The PLRA provides that an inmate may not sue under federal law until exhausting available administrative remedies. 42 U.S.C. § 1997e(a). The exhaustion requirement (1) “give[s] an agency an opportunity to correct its own mistakes . . . before it is haled into federal court” and (2) it permits “claim resolution in proceedings before an agency because it is faster and more economical than litigation in federal court.” Johnson v. Ford, 361 Fed.Appx. 752, 755 (5th Cir. 2008) (internal quotation marks and citations omitted) (discussing purposes of § 1997e(a)). It is well-settled that a prisoner must complete the exhaustion of available administrative remedies prior to filing his complaint. Gonzalez v. Seal, 702 F.3d 785, 788 (5th Cir. 2012) (“Prefiling exhaustion is mandatory”).

Exhaustion under the PLRA is an affirmative defense, and the burden is on Defendants to demonstrate that Plaintiff failed to exhaust available administrative remedies. See Jones v. Bock, 549 U.S. 199, 216 (2007). To meet their burden, Defendants “must establish” without doubt “all of the essential elements of the defense of exhaustion.” Wilson, 776 F.3d at 299 (citation omitted).

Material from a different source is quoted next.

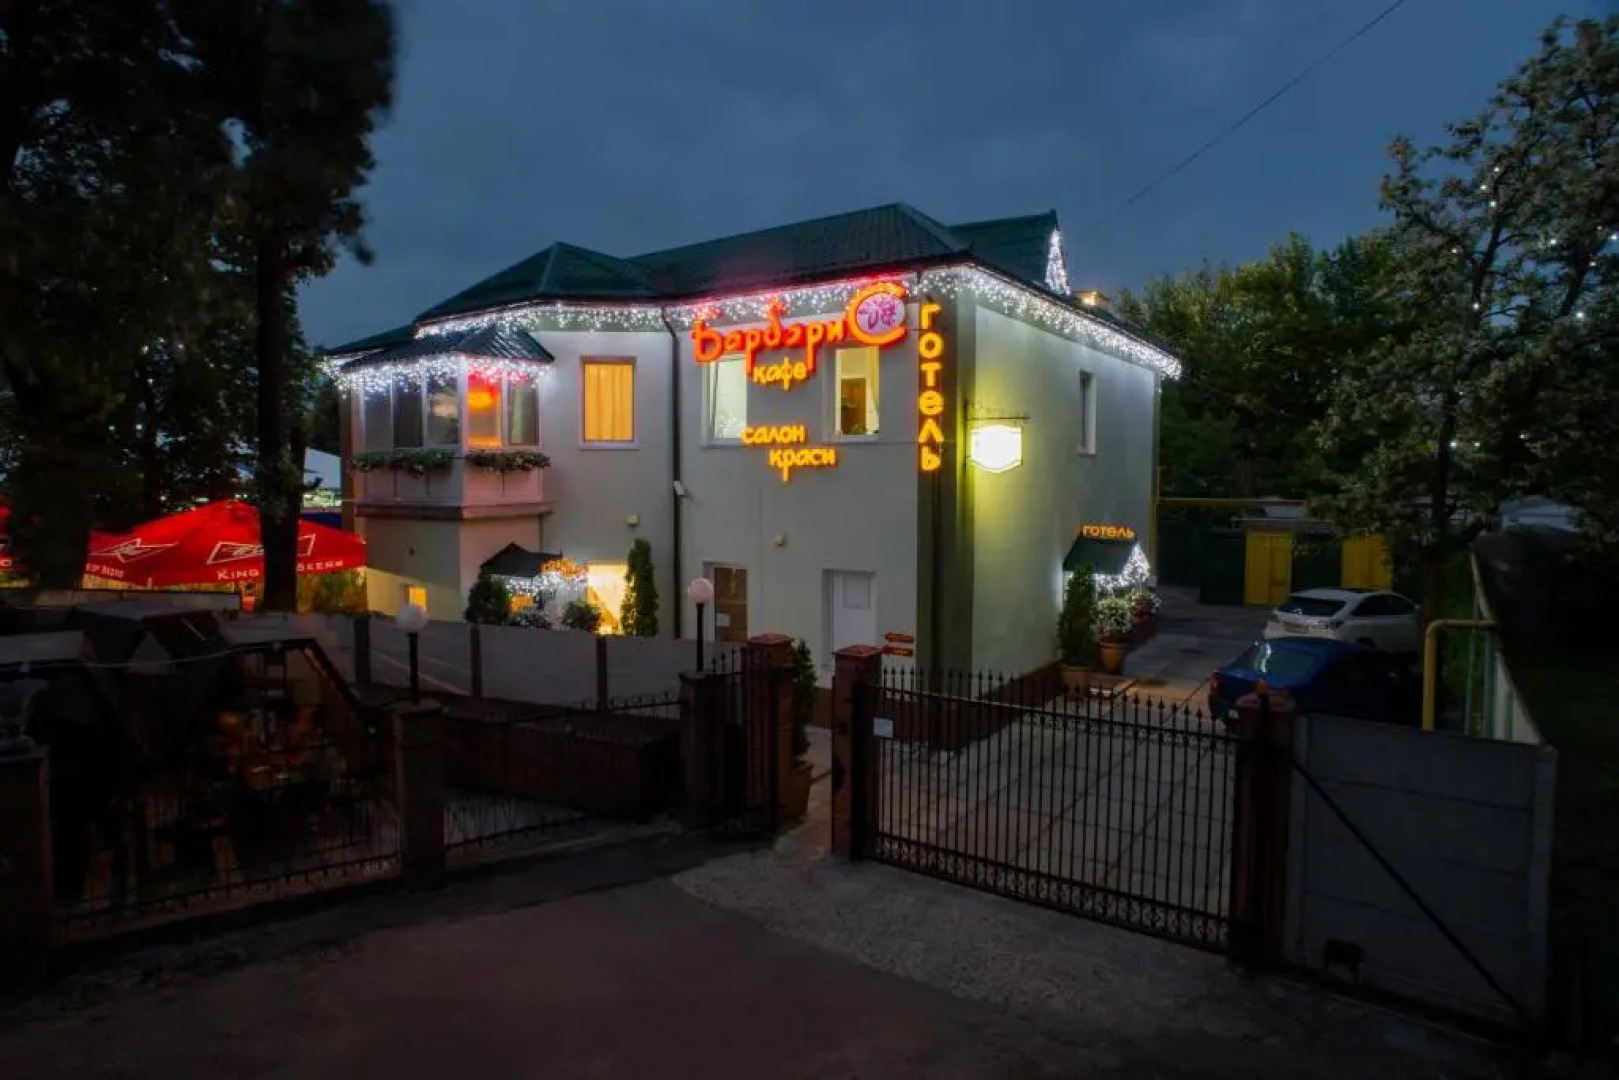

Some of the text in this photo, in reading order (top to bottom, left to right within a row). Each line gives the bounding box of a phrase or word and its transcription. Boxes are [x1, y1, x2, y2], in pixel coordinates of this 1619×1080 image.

[752, 356, 807, 391] кафе
[740, 424, 806, 444] салон
[769, 448, 836, 482] краси

The PLRA dictates proper exhaustion, meaning that “prisoners must complete the administrative review process in accordance with the applicable procedural rules- rules that are defined not by the PLRA, but by the prison grievance process itself.” Butts v. Martin, 877 F.3d 571, 582 (5th Cir. 2017) (quoting Jones, 549 U.S. at 218); see also Cantwell v. Sterling, 788 F.3d 507, 509 (5th Cir. 2015) (per curiam) (“Exhaustion is defined by the prison's grievance procedures, and courts neither may add to nor subtract from them.”). Finally, the exhaustion requirement is satisfied only if the prisoner pursues the administrative remedy “to conclusion.” Wilson, 776 F.3d at 301 (citing Wright v. Hollingsworth, 260 F.3d 357, 358 (5th Cir. 2001)).

C. MDOC's Administrative Remedy Program

Initially, the undersigned notes that MDOC's Administrative Remedy Program (“ARP”) is detailed in Chapter VIII of the Inmate Handbook. Defendants filed a copy of Chapter VIII of the relevant Inmate Handbook as an Exhibit [51-5] to their initial Motion [51] for Summary Judgment. The undersigned considers the filed portions of the Inmate Handbook [51-5] in review of the instant Motion [79]. See Fed. R. Civ. P. 56(c)(3) (stating court is not limited to only cited materials but may consider “other materials in the record” when considering summary judgment motion).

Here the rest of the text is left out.